Why do I live here? I feel like a fool.
 
I am glad to hear that you are out. It never should have been that type of experience.
 
It's Not Getting any Better

Yesterday, I went for a follow-up visit with the transplant team after my hospitalization. I had a 10 am appointment and was not seen until 12:45! They are in disarray at the transplant center. I had no labs done, just saw nurses who asked me questions about my meds and finally the transplant doctor who listened to my lungs with his stethascope and made a few small changes to my third tier meds which I don't agree with. I manage my transplants through my nephrologist who pays much closer attn to me. I have a call into him about my med changes.

Today, I received an email from my transplant co-ordinator:
"By the way, initial results from labs yesterday look great! I will review the completed version with Dr. Wali and let you know if he wants to change anything.
Thanks,
Nikki"

I had no labs taken yesterday!!!

So, as my wife quipped "Well, somebody's labs were great yesterday!"

Mike D.
 
A number of years ago, my husband was hospitalized for a serious cardiac event. While he received excellent medical treatment in the ER, the rest of his hospital stay was horrible -- a near fatal reaction to a drug he shouldn't have received, a cardiology fellow who gave me flippant, dismissive answers to my questions... And all this was at one of the nation's most highly regarded hospitals for cardiac care.

Once he returned home and was on the way to full recovery, I decided to file a formal complaint with the hospital's review board. I provided as much fact as I could remember and explained that my intent was not to harm anyone's career, but to ensure that no other family ever went through what he (and I) did during an extremely stressful event. I am glad I reported this as shortly after, we learned that the hospital was about to implement new regs...including staff training for all who encounter patients and families. DH and I have both been patients at this hospital subsequent to this episode, and we've both noticed a real difference.

Not saying that we alone made the difference, but if no one speaks up, nothing changes.
 
I'm posting while waiting for the doctor at an appointment for Lena. Instead of having her medical records electronically transferred, she writes her history from memory on a form, and then the nurse reads it and types it into the computer.

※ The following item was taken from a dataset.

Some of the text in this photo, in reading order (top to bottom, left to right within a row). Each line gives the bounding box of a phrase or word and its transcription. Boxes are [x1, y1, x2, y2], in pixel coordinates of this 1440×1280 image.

So they are about 25 years behind.
 
Yesterday, I went for a follow-up visit with the transplant team after my hospitalization. I had a 10 am appointment and was not seen until 12:45! They are in disarray at the transplant center. I had no labs done, just saw nurses who asked me questions about my meds and finally the transplant doctor who listened to my lungs with his stethascope and made a few small changes to my third tier meds which I don't agree with. I manage my transplants through my nephrologist who pays much closer attn to me. I have a call into him about my med changes.

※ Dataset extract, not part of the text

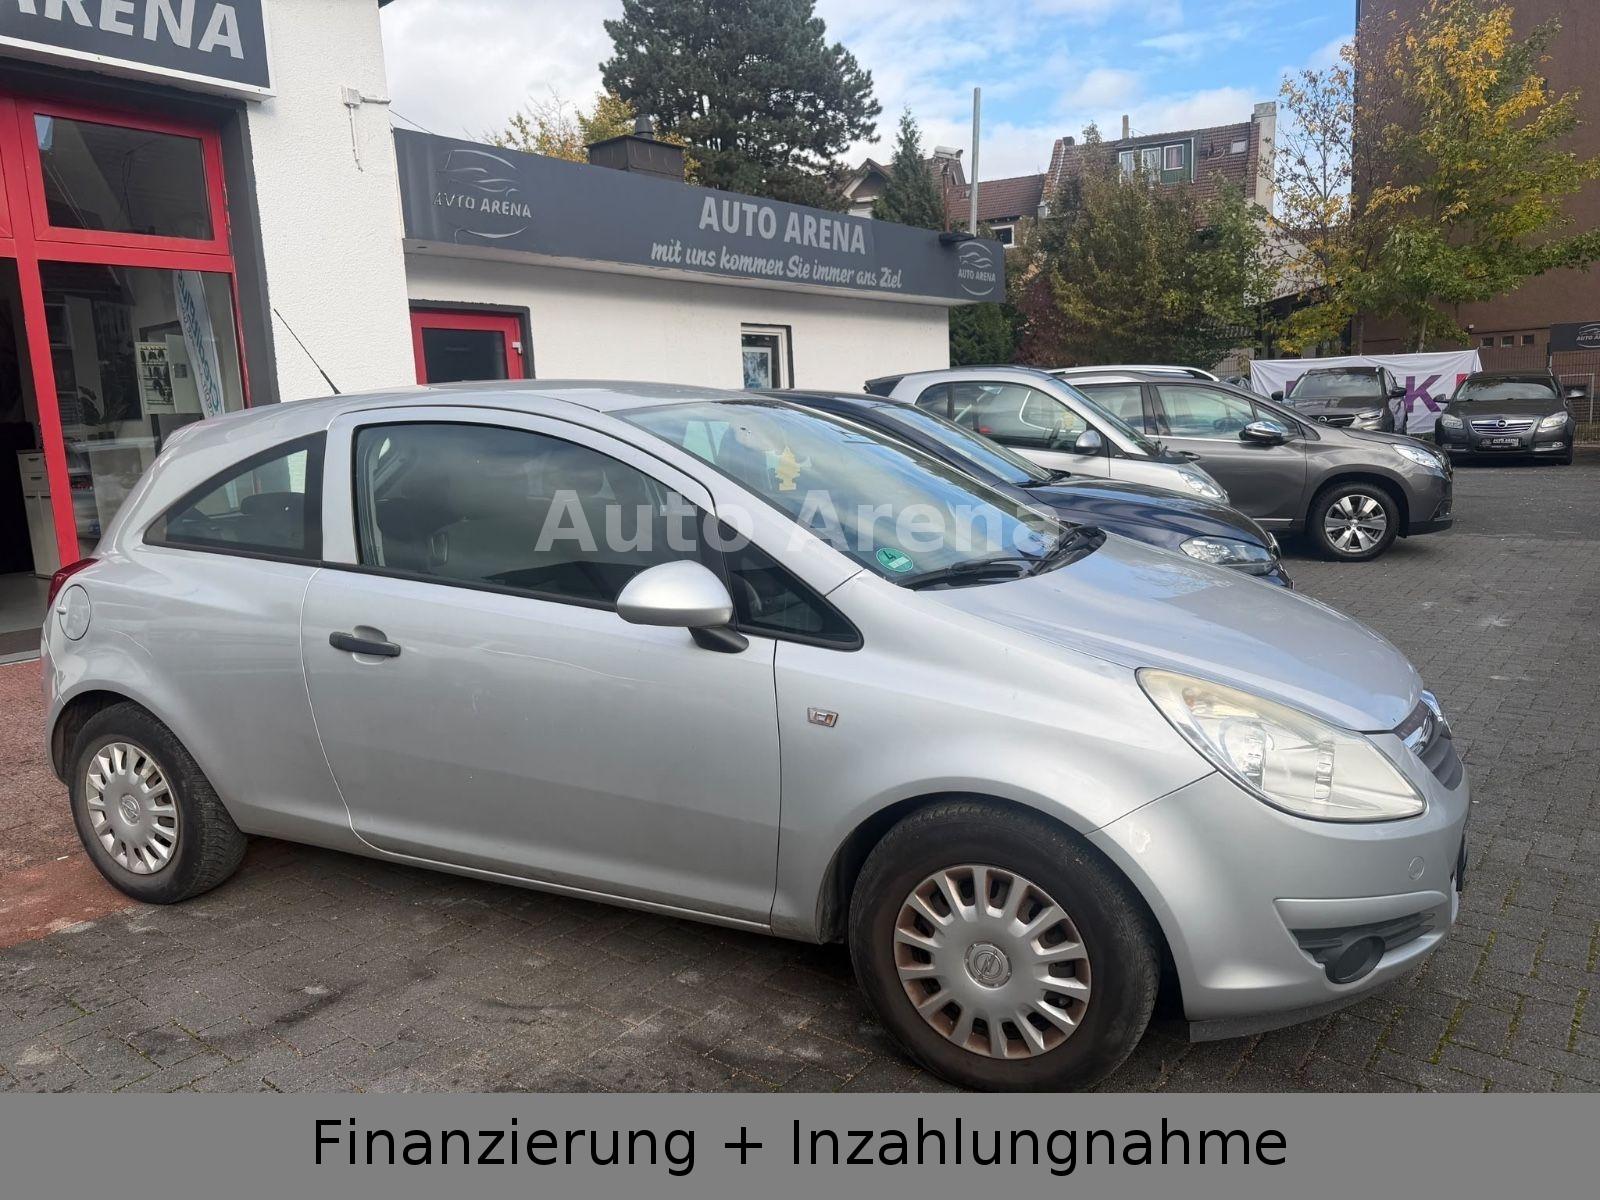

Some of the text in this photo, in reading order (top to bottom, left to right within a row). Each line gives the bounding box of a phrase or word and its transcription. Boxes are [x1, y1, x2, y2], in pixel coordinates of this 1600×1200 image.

[480, 198, 532, 218] ARENA
[699, 196, 866, 255] AUTO ARENA
[651, 240, 903, 289] mit uns kommen Sie immer ans Ziel
[958, 268, 996, 282] AUTO ARENA

Today, I received an email from my transplant co-ordinator:
"By the way, initial results from labs yesterday look great! I will review the completed version with Dr. Wali and let you know if he wants to change anything.
Thanks,
Nikki"

I had no labs taken yesterday!!!

So, as my wife quipped "Well, somebody's labs were great yesterday!"

Mike D.

That is unbelievable Mike, these folks sound dangerous.
 
It's scary to think of what happens to people who don't question things, understand what's going on, or have an advocate with them. Good luck Mike.